(Excerpted records begins)

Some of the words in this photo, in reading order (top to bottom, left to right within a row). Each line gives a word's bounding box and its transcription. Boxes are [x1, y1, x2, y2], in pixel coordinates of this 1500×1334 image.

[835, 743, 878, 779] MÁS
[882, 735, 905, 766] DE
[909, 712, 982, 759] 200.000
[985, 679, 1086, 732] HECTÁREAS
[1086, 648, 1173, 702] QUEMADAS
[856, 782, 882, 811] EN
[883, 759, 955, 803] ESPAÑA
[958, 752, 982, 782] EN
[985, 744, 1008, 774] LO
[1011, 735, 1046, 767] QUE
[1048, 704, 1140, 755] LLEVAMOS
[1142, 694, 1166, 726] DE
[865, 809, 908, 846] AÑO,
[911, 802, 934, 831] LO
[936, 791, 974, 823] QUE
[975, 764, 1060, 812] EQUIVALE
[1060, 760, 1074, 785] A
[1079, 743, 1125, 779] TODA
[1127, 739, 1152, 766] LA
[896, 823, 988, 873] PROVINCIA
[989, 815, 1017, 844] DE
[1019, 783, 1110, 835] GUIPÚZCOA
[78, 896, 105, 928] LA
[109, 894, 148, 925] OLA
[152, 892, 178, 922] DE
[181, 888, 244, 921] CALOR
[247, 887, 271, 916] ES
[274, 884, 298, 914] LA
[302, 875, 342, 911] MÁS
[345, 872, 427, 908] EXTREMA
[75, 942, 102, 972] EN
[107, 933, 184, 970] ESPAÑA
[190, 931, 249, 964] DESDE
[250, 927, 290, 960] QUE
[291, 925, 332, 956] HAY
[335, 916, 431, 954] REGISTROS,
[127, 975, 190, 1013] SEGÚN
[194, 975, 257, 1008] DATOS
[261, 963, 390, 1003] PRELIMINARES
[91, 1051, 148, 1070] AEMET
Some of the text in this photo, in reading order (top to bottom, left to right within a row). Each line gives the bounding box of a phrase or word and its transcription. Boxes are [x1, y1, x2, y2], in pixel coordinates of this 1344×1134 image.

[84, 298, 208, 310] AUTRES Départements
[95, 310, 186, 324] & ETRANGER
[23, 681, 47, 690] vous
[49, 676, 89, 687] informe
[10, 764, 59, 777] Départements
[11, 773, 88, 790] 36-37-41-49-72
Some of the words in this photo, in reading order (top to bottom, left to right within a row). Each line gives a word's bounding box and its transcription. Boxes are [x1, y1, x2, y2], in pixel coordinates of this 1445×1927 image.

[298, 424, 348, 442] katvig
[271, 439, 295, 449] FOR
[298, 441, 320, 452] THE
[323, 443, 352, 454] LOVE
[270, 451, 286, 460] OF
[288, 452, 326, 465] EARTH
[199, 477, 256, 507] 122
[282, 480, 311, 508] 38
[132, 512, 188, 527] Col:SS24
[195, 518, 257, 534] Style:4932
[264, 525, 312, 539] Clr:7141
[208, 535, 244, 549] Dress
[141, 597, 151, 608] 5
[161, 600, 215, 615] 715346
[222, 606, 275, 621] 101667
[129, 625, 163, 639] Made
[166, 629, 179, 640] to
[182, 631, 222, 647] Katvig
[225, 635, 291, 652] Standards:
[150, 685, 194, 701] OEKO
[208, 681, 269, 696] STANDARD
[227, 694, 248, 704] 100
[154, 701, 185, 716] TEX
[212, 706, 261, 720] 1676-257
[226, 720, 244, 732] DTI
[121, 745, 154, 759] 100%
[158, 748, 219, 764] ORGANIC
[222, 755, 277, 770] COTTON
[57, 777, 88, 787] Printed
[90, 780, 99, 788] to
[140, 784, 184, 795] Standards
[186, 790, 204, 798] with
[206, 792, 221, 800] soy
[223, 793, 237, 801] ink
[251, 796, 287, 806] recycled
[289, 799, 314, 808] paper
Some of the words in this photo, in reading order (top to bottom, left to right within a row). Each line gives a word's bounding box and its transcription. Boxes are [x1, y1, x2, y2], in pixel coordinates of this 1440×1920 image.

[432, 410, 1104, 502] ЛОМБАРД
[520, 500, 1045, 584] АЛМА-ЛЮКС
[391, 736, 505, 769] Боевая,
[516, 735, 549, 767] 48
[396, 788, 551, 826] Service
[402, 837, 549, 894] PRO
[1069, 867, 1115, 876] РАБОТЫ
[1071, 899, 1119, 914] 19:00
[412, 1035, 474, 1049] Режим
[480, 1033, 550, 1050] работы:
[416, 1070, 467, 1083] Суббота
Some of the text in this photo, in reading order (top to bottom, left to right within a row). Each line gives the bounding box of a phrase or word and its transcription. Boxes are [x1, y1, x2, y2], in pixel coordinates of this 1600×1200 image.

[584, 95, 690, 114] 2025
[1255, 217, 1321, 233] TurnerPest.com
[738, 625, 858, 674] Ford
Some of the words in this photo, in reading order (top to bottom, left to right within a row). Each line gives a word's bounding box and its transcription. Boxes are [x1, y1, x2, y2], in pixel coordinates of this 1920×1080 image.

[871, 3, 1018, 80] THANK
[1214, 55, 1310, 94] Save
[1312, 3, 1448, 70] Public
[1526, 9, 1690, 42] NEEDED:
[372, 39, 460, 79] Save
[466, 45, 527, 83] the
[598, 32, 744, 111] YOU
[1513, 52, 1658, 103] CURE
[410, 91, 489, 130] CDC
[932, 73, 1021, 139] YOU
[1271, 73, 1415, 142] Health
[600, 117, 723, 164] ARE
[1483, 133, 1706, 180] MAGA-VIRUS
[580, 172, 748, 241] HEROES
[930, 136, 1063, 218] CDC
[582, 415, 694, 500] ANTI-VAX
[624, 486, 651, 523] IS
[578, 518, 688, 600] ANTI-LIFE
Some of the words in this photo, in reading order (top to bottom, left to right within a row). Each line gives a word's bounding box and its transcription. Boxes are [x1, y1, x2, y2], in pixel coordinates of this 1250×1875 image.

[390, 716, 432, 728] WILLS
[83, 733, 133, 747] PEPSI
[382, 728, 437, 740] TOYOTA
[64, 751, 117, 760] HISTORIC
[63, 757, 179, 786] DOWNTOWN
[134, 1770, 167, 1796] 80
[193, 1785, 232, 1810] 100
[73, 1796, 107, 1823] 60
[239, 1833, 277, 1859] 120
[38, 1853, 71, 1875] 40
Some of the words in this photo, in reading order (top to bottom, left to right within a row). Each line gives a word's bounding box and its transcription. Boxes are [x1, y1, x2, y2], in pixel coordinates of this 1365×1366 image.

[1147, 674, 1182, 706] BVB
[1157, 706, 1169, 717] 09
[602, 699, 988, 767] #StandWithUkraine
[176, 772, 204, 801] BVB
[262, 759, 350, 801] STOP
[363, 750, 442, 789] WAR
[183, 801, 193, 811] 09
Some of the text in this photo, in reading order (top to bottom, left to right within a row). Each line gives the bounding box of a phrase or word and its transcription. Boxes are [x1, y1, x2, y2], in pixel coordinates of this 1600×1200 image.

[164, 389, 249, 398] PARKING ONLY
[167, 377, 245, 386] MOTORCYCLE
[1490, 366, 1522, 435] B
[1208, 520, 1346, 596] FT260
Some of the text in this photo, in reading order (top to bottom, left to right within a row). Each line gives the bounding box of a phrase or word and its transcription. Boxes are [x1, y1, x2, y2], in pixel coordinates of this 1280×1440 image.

(Excerpted records ends)

> Your task: Each entry above is to be written out exactly.

> Written reply:
Some of the words in this photo, in reading order (top to bottom, left to right within a row). Each line gives a word's bounding box and its transcription. Boxes are [x1, y1, x2, y2], in pixel coordinates of this 1500×1334 image.

[835, 743, 878, 779] MÁS
[882, 735, 905, 766] DE
[909, 712, 982, 759] 200.000
[985, 679, 1086, 732] HECTÁREAS
[1086, 648, 1173, 702] QUEMADAS
[856, 782, 882, 811] EN
[883, 759, 955, 803] ESPAÑA
[958, 752, 982, 782] EN
[985, 744, 1008, 774] LO
[1011, 735, 1046, 767] QUE
[1048, 704, 1140, 755] LLEVAMOS
[1142, 694, 1166, 726] DE
[865, 809, 908, 846] AÑO,
[911, 802, 934, 831] LO
[936, 791, 974, 823] QUE
[975, 764, 1060, 812] EQUIVALE
[1060, 760, 1074, 785] A
[1079, 743, 1125, 779] TODA
[1127, 739, 1152, 766] LA
[896, 823, 988, 873] PROVINCIA
[989, 815, 1017, 844] DE
[1019, 783, 1110, 835] GUIPÚZCOA
[78, 896, 105, 928] LA
[109, 894, 148, 925] OLA
[152, 892, 178, 922] DE
[181, 888, 244, 921] CALOR
[247, 887, 271, 916] ES
[274, 884, 298, 914] LA
[302, 875, 342, 911] MÁS
[345, 872, 427, 908] EXTREMA
[75, 942, 102, 972] EN
[107, 933, 184, 970] ESPAÑA
[190, 931, 249, 964] DESDE
[250, 927, 290, 960] QUE
[291, 925, 332, 956] HAY
[335, 916, 431, 954] REGISTROS,
[127, 975, 190, 1013] SEGÚN
[194, 975, 257, 1008] DATOS
[261, 963, 390, 1003] PRELIMINARES
[91, 1051, 148, 1070] AEMET
Some of the text in this photo, in reading order (top to bottom, left to right within a row). Each line gives the bounding box of a phrase or word and its transcription. Boxes are [x1, y1, x2, y2], in pixel coordinates of this 1344×1134 image.

[84, 298, 208, 310] AUTRES Départements
[95, 310, 186, 324] & ETRANGER
[23, 681, 47, 690] vous
[49, 676, 89, 687] informe
[10, 764, 59, 777] Départements
[11, 773, 88, 790] 36-37-41-49-72
Some of the words in this photo, in reading order (top to bottom, left to right within a row). Each line gives a word's bounding box and its transcription. Boxes are [x1, y1, x2, y2], in pixel coordinates of this 1445×1927 image.

[298, 424, 348, 442] katvig
[271, 439, 295, 449] FOR
[298, 441, 320, 452] THE
[323, 443, 352, 454] LOVE
[270, 451, 286, 460] OF
[288, 452, 326, 465] EARTH
[199, 477, 256, 507] 122
[282, 480, 311, 508] 38
[132, 512, 188, 527] Col:SS24
[195, 518, 257, 534] Style:4932
[264, 525, 312, 539] Clr:7141
[208, 535, 244, 549] Dress
[141, 597, 151, 608] 5
[161, 600, 215, 615] 715346
[222, 606, 275, 621] 101667
[129, 625, 163, 639] Made
[166, 629, 179, 640] to
[182, 631, 222, 647] Katvig
[225, 635, 291, 652] Standards:
[150, 685, 194, 701] OEKO
[208, 681, 269, 696] STANDARD
[227, 694, 248, 704] 100
[154, 701, 185, 716] TEX
[212, 706, 261, 720] 1676-257
[226, 720, 244, 732] DTI
[121, 745, 154, 759] 100%
[158, 748, 219, 764] ORGANIC
[222, 755, 277, 770] COTTON
[57, 777, 88, 787] Printed
[90, 780, 99, 788] to
[140, 784, 184, 795] Standards
[186, 790, 204, 798] with
[206, 792, 221, 800] soy
[223, 793, 237, 801] ink
[251, 796, 287, 806] recycled
[289, 799, 314, 808] paper
Some of the words in this photo, in reading order (top to bottom, left to right within a row). Each line gives a word's bounding box and its transcription. Boxes are [x1, y1, x2, y2], in pixel coordinates of this 1440×1920 image.

[432, 410, 1104, 502] ЛОМБАРД
[520, 500, 1045, 584] АЛМА-ЛЮКС
[391, 736, 505, 769] Боевая,
[516, 735, 549, 767] 48
[396, 788, 551, 826] Service
[402, 837, 549, 894] PRO
[1069, 867, 1115, 876] РАБОТЫ
[1071, 899, 1119, 914] 19:00
[412, 1035, 474, 1049] Режим
[480, 1033, 550, 1050] работы:
[416, 1070, 467, 1083] Суббота
Some of the text in this photo, in reading order (top to bottom, left to right within a row). Each line gives the bounding box of a phrase or word and its transcription. Boxes are [x1, y1, x2, y2], in pixel coordinates of this 1600×1200 image.

[584, 95, 690, 114] 2025
[1255, 217, 1321, 233] TurnerPest.com
[738, 625, 858, 674] Ford
Some of the words in this photo, in reading order (top to bottom, left to right within a row). Each line gives a word's bounding box and its transcription. Boxes are [x1, y1, x2, y2], in pixel coordinates of this 1920×1080 image.

[871, 3, 1018, 80] THANK
[1214, 55, 1310, 94] Save
[1312, 3, 1448, 70] Public
[1526, 9, 1690, 42] NEEDED:
[372, 39, 460, 79] Save
[466, 45, 527, 83] the
[598, 32, 744, 111] YOU
[1513, 52, 1658, 103] CURE
[410, 91, 489, 130] CDC
[932, 73, 1021, 139] YOU
[1271, 73, 1415, 142] Health
[600, 117, 723, 164] ARE
[1483, 133, 1706, 180] MAGA-VIRUS
[580, 172, 748, 241] HEROES
[930, 136, 1063, 218] CDC
[582, 415, 694, 500] ANTI-VAX
[624, 486, 651, 523] IS
[578, 518, 688, 600] ANTI-LIFE
Some of the words in this photo, in reading order (top to bottom, left to right within a row). Each line gives a word's bounding box and its transcription. Boxes are [x1, y1, x2, y2], in pixel coordinates of this 1250×1875 image.

[390, 716, 432, 728] WILLS
[83, 733, 133, 747] PEPSI
[382, 728, 437, 740] TOYOTA
[64, 751, 117, 760] HISTORIC
[63, 757, 179, 786] DOWNTOWN
[134, 1770, 167, 1796] 80
[193, 1785, 232, 1810] 100
[73, 1796, 107, 1823] 60
[239, 1833, 277, 1859] 120
[38, 1853, 71, 1875] 40
Some of the words in this photo, in reading order (top to bottom, left to right within a row). Each line gives a word's bounding box and its transcription. Boxes are [x1, y1, x2, y2], in pixel coordinates of this 1365×1366 image.

[1147, 674, 1182, 706] BVB
[1157, 706, 1169, 717] 09
[602, 699, 988, 767] #StandWithUkraine
[176, 772, 204, 801] BVB
[262, 759, 350, 801] STOP
[363, 750, 442, 789] WAR
[183, 801, 193, 811] 09
Some of the text in this photo, in reading order (top to bottom, left to right within a row). Each line gives the bounding box of a phrase or word and its transcription. Boxes are [x1, y1, x2, y2], in pixel coordinates of this 1600×1200 image.

[164, 389, 249, 398] PARKING ONLY
[167, 377, 245, 386] MOTORCYCLE
[1490, 366, 1522, 435] B
[1208, 520, 1346, 596] FT260
Some of the text in this photo, in reading order (top to bottom, left to right within a row). Each line gives the bounding box of a phrase or word and its transcription. Boxes are [x1, y1, x2, y2], in pixel coordinates of this 1280×1440 image.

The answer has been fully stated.